» **WORK TASK**: Word for word, restate the records that appear below.

[Text-to-region grounding data]
▬▬▬▬▬▬▬▬▬▬

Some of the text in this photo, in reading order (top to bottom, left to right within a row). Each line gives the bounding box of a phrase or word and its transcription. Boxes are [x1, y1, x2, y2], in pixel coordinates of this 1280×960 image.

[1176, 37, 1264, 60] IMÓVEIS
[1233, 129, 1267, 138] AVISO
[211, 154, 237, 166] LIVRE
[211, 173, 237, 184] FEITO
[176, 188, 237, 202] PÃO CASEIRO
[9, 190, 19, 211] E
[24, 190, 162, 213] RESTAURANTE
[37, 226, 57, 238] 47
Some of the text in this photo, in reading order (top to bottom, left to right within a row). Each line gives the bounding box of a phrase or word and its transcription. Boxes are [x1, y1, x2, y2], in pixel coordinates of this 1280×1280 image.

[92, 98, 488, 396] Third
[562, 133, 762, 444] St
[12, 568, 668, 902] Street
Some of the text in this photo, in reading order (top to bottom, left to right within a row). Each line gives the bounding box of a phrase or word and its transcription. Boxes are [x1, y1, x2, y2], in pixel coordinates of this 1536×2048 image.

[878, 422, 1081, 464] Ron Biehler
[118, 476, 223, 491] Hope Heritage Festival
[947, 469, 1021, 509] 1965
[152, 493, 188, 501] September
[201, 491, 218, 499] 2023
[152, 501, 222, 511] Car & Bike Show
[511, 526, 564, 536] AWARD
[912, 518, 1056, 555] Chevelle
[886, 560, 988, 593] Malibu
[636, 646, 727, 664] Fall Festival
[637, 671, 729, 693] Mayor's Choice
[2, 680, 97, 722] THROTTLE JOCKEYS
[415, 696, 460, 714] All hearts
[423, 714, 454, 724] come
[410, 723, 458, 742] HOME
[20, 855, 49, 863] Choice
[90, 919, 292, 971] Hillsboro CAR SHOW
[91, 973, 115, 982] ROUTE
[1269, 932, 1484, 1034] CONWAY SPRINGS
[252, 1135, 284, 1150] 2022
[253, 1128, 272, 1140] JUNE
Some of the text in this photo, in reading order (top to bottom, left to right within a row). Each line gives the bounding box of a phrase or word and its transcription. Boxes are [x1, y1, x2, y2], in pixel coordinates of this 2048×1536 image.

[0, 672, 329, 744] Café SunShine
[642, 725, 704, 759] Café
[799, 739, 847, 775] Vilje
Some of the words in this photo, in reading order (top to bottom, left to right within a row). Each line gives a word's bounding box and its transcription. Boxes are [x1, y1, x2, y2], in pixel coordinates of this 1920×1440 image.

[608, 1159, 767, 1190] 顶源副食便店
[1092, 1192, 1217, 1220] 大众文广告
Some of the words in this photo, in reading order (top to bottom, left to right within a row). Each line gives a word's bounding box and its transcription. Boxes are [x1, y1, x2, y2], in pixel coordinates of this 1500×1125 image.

▬▬▬▬▬▬▬▬▬▬

» **OUTPUT OF THE TASK**:
Some of the text in this photo, in reading order (top to bottom, left to right within a row). Each line gives the bounding box of a phrase or word and its transcription. Boxes are [x1, y1, x2, y2], in pixel coordinates of this 1280×960 image.

[1176, 37, 1264, 60] IMÓVEIS
[1233, 129, 1267, 138] AVISO
[211, 154, 237, 166] LIVRE
[211, 173, 237, 184] FEITO
[176, 188, 237, 202] PÃO CASEIRO
[9, 190, 19, 211] E
[24, 190, 162, 213] RESTAURANTE
[37, 226, 57, 238] 47
Some of the text in this photo, in reading order (top to bottom, left to right within a row). Each line gives the bounding box of a phrase or word and its transcription. Boxes are [x1, y1, x2, y2], in pixel coordinates of this 1280×1280 image.

[92, 98, 488, 396] Third
[562, 133, 762, 444] St
[12, 568, 668, 902] Street
Some of the text in this photo, in reading order (top to bottom, left to right within a row). Each line gives the bounding box of a phrase or word and its transcription. Boxes are [x1, y1, x2, y2], in pixel coordinates of this 1536×2048 image.

[878, 422, 1081, 464] Ron Biehler
[118, 476, 223, 491] Hope Heritage Festival
[947, 469, 1021, 509] 1965
[152, 493, 188, 501] September
[201, 491, 218, 499] 2023
[152, 501, 222, 511] Car & Bike Show
[511, 526, 564, 536] AWARD
[912, 518, 1056, 555] Chevelle
[886, 560, 988, 593] Malibu
[636, 646, 727, 664] Fall Festival
[637, 671, 729, 693] Mayor's Choice
[2, 680, 97, 722] THROTTLE JOCKEYS
[415, 696, 460, 714] All hearts
[423, 714, 454, 724] come
[410, 723, 458, 742] HOME
[20, 855, 49, 863] Choice
[90, 919, 292, 971] Hillsboro CAR SHOW
[91, 973, 115, 982] ROUTE
[1269, 932, 1484, 1034] CONWAY SPRINGS
[252, 1135, 284, 1150] 2022
[253, 1128, 272, 1140] JUNE
Some of the text in this photo, in reading order (top to bottom, left to right within a row). Each line gives the bounding box of a phrase or word and its transcription. Boxes are [x1, y1, x2, y2], in pixel coordinates of this 2048×1536 image.

[0, 672, 329, 744] Café SunShine
[642, 725, 704, 759] Café
[799, 739, 847, 775] Vilje
Some of the words in this photo, in reading order (top to bottom, left to right within a row). Each line gives a word's bounding box and its transcription. Boxes are [x1, y1, x2, y2], in pixel coordinates of this 1920×1440 image.

[608, 1159, 767, 1190] 顶源副食便店
[1092, 1192, 1217, 1220] 大众文广告
Some of the words in this photo, in reading order (top to bottom, left to right within a row). Each line gives a word's bounding box and its transcription. Boxes are [x1, y1, x2, y2], in pixel coordinates of this 1500×1125 image.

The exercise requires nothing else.